OK, some use it to justify work related jollies, which is fine. In fact it’s more than fine. If it’s true it’s a beautiful thing. However, others use it as an excuse to sneak out early on a Friday afternoon because their super human efforts have enabled them to pack into 4 hours what their less able colleagues take a whole day to achieve.

I’ve just finished reading a very interesting piece by Julian Birkinshaw, Professor of Strategic and International Management at London Business School called Is social networking at work good for employee engagement?

The fact that more companies in the UK ban the use of social networking sites in the workplace than don’t means that this is already a much debated issue. There was an excellent piece a while back on Mashable which pretty much articulated my own very strong views on the matter. What interested me most was the bit on the blurring of the boundaries between home and work, especially given that in my inaugural introductory post yesterday I boldly stated I like this trend.
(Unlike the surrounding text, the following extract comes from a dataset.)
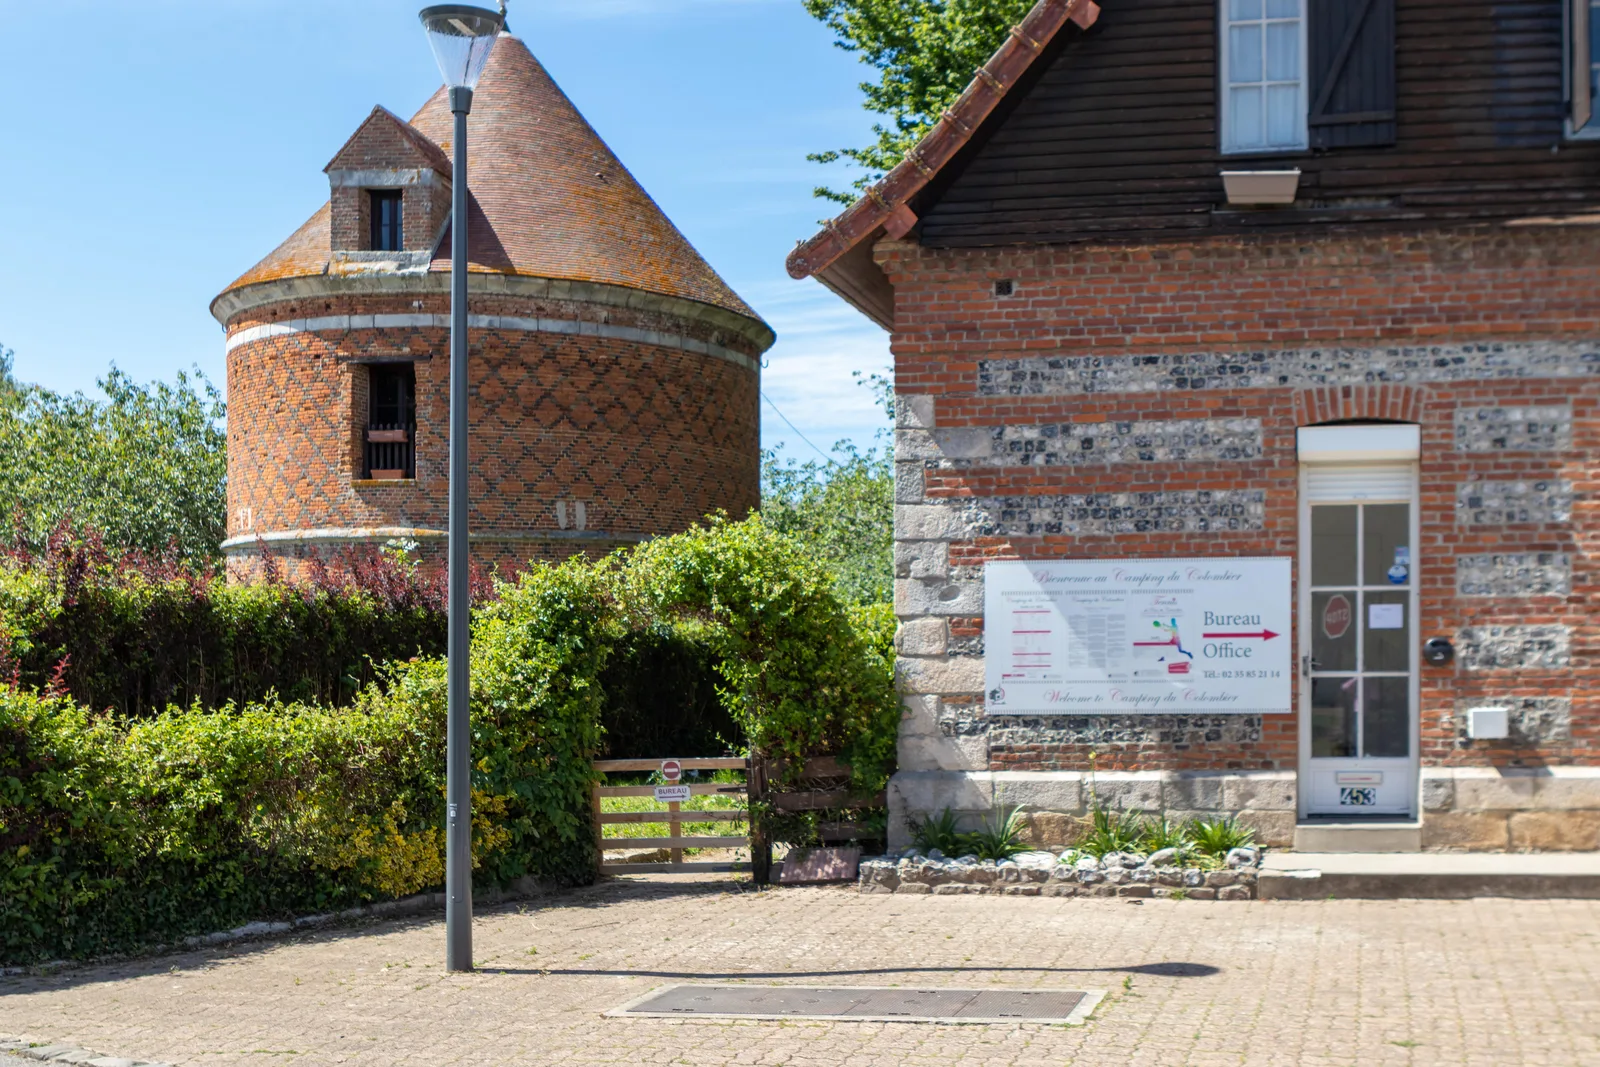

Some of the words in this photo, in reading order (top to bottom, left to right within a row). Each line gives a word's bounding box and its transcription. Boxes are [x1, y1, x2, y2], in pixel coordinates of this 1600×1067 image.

It’s true, I feel this blurring is a very positive thing – what Professor Birkinshaw has done is help me think harder about why. The truth is I had never really thought about it, other than to rationalise that it is a very powerful force in creating stronger bonds between a company and its customers. I hadn’t really considered that people who like to keep their work life and social life completely separate may be leaving their more creative and playful side of themselves at home.

Professor Birkinshaw suggests that when people bring more of themselves to work the benefits are increased creativity, engagement and discretionary effort. Rock on!